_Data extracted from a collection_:
==========

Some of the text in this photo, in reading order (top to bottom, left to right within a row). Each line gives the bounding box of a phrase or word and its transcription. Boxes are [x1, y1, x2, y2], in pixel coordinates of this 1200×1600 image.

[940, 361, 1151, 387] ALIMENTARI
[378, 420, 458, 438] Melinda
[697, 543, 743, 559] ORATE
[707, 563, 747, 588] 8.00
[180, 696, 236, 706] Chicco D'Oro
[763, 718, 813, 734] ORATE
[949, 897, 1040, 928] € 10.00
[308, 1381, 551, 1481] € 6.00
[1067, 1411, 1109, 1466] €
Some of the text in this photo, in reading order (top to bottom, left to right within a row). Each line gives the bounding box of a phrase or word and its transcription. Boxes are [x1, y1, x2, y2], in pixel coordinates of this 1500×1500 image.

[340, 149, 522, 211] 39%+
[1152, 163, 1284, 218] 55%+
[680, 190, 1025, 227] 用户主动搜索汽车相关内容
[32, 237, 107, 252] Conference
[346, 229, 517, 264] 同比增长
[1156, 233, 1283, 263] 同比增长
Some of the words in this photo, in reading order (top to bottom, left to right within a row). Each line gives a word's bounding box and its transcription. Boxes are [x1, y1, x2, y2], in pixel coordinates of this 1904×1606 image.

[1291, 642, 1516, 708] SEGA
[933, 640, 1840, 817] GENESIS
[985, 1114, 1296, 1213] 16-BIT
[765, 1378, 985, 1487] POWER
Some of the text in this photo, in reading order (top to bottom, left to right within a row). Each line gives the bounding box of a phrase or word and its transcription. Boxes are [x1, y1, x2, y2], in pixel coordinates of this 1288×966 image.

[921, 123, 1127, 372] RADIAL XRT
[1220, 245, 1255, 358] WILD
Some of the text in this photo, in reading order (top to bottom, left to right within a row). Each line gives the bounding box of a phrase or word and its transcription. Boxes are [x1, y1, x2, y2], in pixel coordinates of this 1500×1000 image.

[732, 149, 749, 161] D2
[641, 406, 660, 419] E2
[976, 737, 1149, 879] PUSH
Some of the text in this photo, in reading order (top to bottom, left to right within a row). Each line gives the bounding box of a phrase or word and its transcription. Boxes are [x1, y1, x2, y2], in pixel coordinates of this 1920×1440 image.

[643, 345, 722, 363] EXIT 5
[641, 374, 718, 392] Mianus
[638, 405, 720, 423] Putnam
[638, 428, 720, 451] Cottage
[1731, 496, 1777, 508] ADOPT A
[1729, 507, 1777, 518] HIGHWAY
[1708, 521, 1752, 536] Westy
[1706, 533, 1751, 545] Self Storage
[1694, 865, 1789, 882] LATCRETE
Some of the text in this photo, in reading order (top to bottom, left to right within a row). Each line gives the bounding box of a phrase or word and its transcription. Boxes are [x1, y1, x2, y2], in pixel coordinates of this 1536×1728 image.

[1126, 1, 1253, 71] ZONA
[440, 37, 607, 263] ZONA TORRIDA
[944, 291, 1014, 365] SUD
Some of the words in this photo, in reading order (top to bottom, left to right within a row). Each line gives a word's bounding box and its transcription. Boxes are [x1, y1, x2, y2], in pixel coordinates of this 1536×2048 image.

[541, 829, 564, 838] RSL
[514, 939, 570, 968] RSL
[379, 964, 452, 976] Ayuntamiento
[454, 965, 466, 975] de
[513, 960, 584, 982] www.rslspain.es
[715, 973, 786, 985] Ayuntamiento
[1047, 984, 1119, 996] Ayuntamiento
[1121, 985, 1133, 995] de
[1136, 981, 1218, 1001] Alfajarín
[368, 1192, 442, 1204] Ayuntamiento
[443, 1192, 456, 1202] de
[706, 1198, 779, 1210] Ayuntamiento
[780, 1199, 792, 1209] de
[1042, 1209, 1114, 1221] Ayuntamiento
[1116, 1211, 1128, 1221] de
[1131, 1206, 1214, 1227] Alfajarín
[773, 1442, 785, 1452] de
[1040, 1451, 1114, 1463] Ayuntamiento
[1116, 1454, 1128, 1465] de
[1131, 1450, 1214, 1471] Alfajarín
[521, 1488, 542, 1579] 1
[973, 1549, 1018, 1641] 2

==========

_About this task_: An exact copy of every record above is required.

_The completed task_:
Some of the text in this photo, in reading order (top to bottom, left to right within a row). Each line gives the bounding box of a phrase or word and its transcription. Boxes are [x1, y1, x2, y2], in pixel coordinates of this 1200×1600 image.

[940, 361, 1151, 387] ALIMENTARI
[378, 420, 458, 438] Melinda
[697, 543, 743, 559] ORATE
[707, 563, 747, 588] 8.00
[180, 696, 236, 706] Chicco D'Oro
[763, 718, 813, 734] ORATE
[949, 897, 1040, 928] € 10.00
[308, 1381, 551, 1481] € 6.00
[1067, 1411, 1109, 1466] €
Some of the text in this photo, in reading order (top to bottom, left to right within a row). Each line gives the bounding box of a phrase or word and its transcription. Boxes are [x1, y1, x2, y2], in pixel coordinates of this 1500×1500 image.

[340, 149, 522, 211] 39%+
[1152, 163, 1284, 218] 55%+
[680, 190, 1025, 227] 用户主动搜索汽车相关内容
[32, 237, 107, 252] Conference
[346, 229, 517, 264] 同比增长
[1156, 233, 1283, 263] 同比增长
Some of the words in this photo, in reading order (top to bottom, left to right within a row). Each line gives a word's bounding box and its transcription. Boxes are [x1, y1, x2, y2], in pixel coordinates of this 1904×1606 image.

[1291, 642, 1516, 708] SEGA
[933, 640, 1840, 817] GENESIS
[985, 1114, 1296, 1213] 16-BIT
[765, 1378, 985, 1487] POWER
Some of the text in this photo, in reading order (top to bottom, left to right within a row). Each line gives the bounding box of a phrase or word and its transcription. Boxes are [x1, y1, x2, y2], in pixel coordinates of this 1288×966 image.

[921, 123, 1127, 372] RADIAL XRT
[1220, 245, 1255, 358] WILD
Some of the text in this photo, in reading order (top to bottom, left to right within a row). Each line gives the bounding box of a phrase or word and its transcription. Boxes are [x1, y1, x2, y2], in pixel coordinates of this 1500×1000 image.

[732, 149, 749, 161] D2
[641, 406, 660, 419] E2
[976, 737, 1149, 879] PUSH
Some of the text in this photo, in reading order (top to bottom, left to right within a row). Each line gives the bounding box of a phrase or word and its transcription. Boxes are [x1, y1, x2, y2], in pixel coordinates of this 1920×1440 image.

[643, 345, 722, 363] EXIT 5
[641, 374, 718, 392] Mianus
[638, 405, 720, 423] Putnam
[638, 428, 720, 451] Cottage
[1731, 496, 1777, 508] ADOPT A
[1729, 507, 1777, 518] HIGHWAY
[1708, 521, 1752, 536] Westy
[1706, 533, 1751, 545] Self Storage
[1694, 865, 1789, 882] LATCRETE
Some of the text in this photo, in reading order (top to bottom, left to right within a row). Each line gives the bounding box of a phrase or word and its transcription. Boxes are [x1, y1, x2, y2], in pixel coordinates of this 1536×1728 image.

[1126, 1, 1253, 71] ZONA
[440, 37, 607, 263] ZONA TORRIDA
[944, 291, 1014, 365] SUD
Some of the words in this photo, in reading order (top to bottom, left to right within a row). Each line gives a word's bounding box and its transcription. Boxes are [x1, y1, x2, y2], in pixel coordinates of this 1536×2048 image.

[541, 829, 564, 838] RSL
[514, 939, 570, 968] RSL
[379, 964, 452, 976] Ayuntamiento
[454, 965, 466, 975] de
[513, 960, 584, 982] www.rslspain.es
[715, 973, 786, 985] Ayuntamiento
[1047, 984, 1119, 996] Ayuntamiento
[1121, 985, 1133, 995] de
[1136, 981, 1218, 1001] Alfajarín
[368, 1192, 442, 1204] Ayuntamiento
[443, 1192, 456, 1202] de
[706, 1198, 779, 1210] Ayuntamiento
[780, 1199, 792, 1209] de
[1042, 1209, 1114, 1221] Ayuntamiento
[1116, 1211, 1128, 1221] de
[1131, 1206, 1214, 1227] Alfajarín
[773, 1442, 785, 1452] de
[1040, 1451, 1114, 1463] Ayuntamiento
[1116, 1454, 1128, 1465] de
[1131, 1450, 1214, 1471] Alfajarín
[521, 1488, 542, 1579] 1
[973, 1549, 1018, 1641] 2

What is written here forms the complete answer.